Archaeology, being "concerned with the recovery of the remains of ancient civilisations"[1] is an unusual science in that, although it "deals with concrete objects and employs exact measurements",[2] the many possible interpretations of data make it a less exact science than chemistry, for example. However, having recognised it limitations we can see that archaeological finds have made many important contributions to our study of the OT. Edwin Yamauchi writes that,

The historical facts of the Bible, rightly understood, find agreement in the facts culled from archaeology, equally rightly understood, that is, the majority or errors can be ascribed to errors of interpretation by modern scholars and not to substantiated 'errors' of fact presented by the biblical historians. This view is further strengthened when it is remembered how many theories and interpretations of Scripture have been checked or corrected by archaeological discoveries.[3]
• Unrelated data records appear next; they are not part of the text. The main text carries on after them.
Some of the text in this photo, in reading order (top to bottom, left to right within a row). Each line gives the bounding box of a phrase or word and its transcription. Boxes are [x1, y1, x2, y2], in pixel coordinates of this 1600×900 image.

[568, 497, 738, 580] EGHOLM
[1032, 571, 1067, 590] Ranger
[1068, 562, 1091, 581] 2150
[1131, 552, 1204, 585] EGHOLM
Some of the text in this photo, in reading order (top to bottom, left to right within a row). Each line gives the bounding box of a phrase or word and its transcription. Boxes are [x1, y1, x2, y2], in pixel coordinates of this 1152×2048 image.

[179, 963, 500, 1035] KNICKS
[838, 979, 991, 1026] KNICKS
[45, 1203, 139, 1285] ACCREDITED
One of the most significant archaeological finds is the library of the Qumran Community: the Dead Sea Scrolls. It is certainly "one of the few great archaeological discoveries to have excited public imagination and interest".[4] This is perhaps due to the challenges the find made to Biblical scholarship, or perhaps because of the light these documents threw upon the early history of Judaism and Christianity.
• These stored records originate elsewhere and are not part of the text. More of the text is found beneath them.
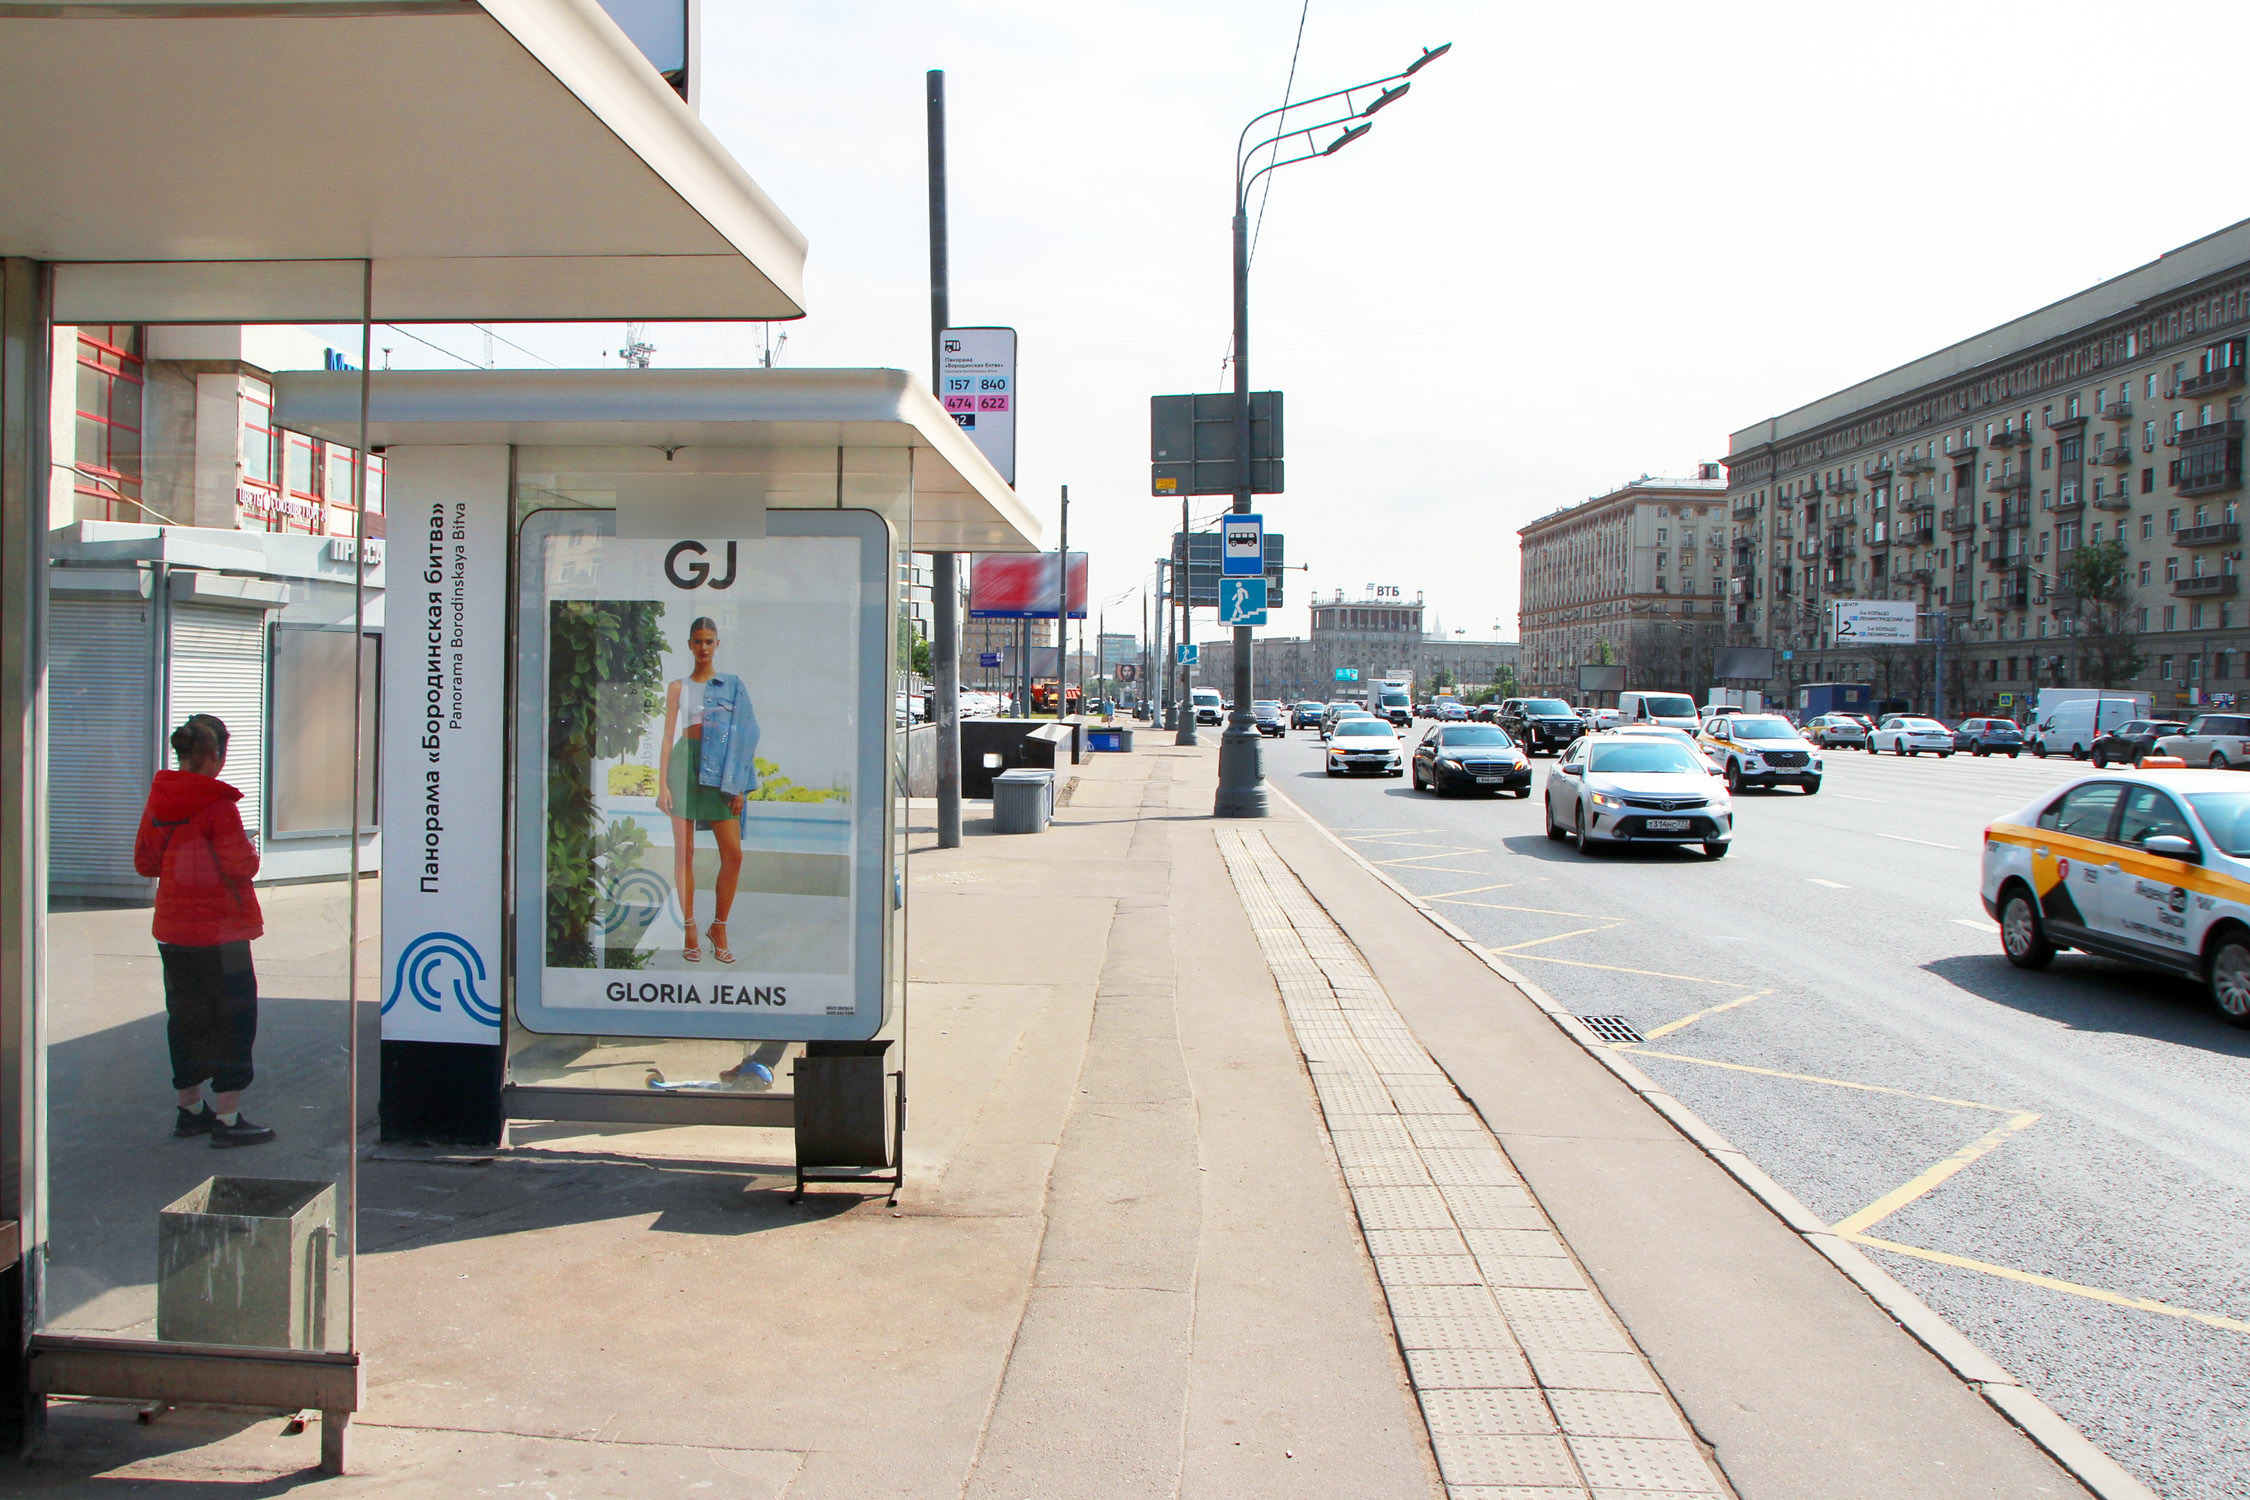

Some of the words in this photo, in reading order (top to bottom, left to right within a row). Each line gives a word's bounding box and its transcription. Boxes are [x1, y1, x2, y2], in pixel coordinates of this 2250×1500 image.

[948, 398, 972, 409] 474
[981, 398, 1005, 409] 622
[949, 379, 970, 391] 157
[981, 379, 1006, 390] 840
[237, 488, 263, 507] ЦВЕТЫ
[452, 502, 466, 540] Bitva
[423, 502, 444, 584] битва»
[664, 540, 737, 590] GJ
[450, 545, 468, 648] Borodinskaya
[1377, 586, 1400, 596] ВТБ
[421, 592, 445, 763] «Бородинская
[449, 653, 463, 729] Panorama
[2211, 692, 2235, 701] ЦВЕТЫ
[420, 770, 444, 893] Панорама
[606, 981, 702, 1004] GLORIA
[709, 985, 787, 1007] JEANS
One of the most intriguing aspects of this find was that it had a completely accidental beginning. The discovery was not made by trained archaeologists but by Bedouin goat herders. The discovery was made some time during the winter of 1946/47. Within the next decade, around a dozen preserved scrolls and thousands of leather and papyrus fragments have been found.
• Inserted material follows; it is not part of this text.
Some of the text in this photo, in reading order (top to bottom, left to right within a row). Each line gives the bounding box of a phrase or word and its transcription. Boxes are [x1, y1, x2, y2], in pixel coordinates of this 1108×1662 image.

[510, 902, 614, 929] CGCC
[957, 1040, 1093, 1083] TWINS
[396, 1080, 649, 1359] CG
The search revealed eleven caves that appeared to have been used by the owners of the scrolls, and most of these contained fragments of documents used by the community. The Bedouins sold them to the Jordanian Department of Antiquities at approximately one pound per square centimetre. There were various problems concerning the actual search for the scrolls, one of them being the war in Palestine in 1948 that was the same year in which news of the Dead Sea Scrolls was broken. However, it has been possible to glean some information about the community of Qumran.

Many cliffs are to be found along the north-western shore of the Dead Sea and there is a shallow depression above known as el-buqei'a. This is cut by a river (Wadi in Arabic) and the place where it comes down through the cliffs is known as Wadi Qumran. There is a plateau at the base of the cliffs and it is here that archaeologists found the remains of the buildings of the Qumran Community, known by the Arabic name Khurbet Qumran (the ruins of Qumran). These ruins were discovered before the scrolls, but it wasn't until the search for the history of the scrolls had begun that their significance was understood.

Although no manuscripts were found at Khurbet Qumran, there was evidence of links between the caves and the buildings. When the ruins were excavated, identical pottery types to the ones found in the caves were discovered. Coins were also found which "corresponded with the period to which the palaeographers were assigning the manuscripts".[5] As more and more evidence was unearthed "it became clear that Qumran was, after all, the home of the community which had written the scrolls".[6]

The connection between the scrolls and the ruins helped excavators identify what they believe to have been 'The Scriptorium of the Order'. The scrolls contained information concerning the frequent bathing of the men at Qumran and this also helped to explain why the ruins contained such a large and elaborate water system.

However, even though some of the information from the scrolls appears to have been written by members of the fellowship, we know relatively little about its beginnings, "since in its writings the community displays little awareness of, or interest in its own evolution".[7]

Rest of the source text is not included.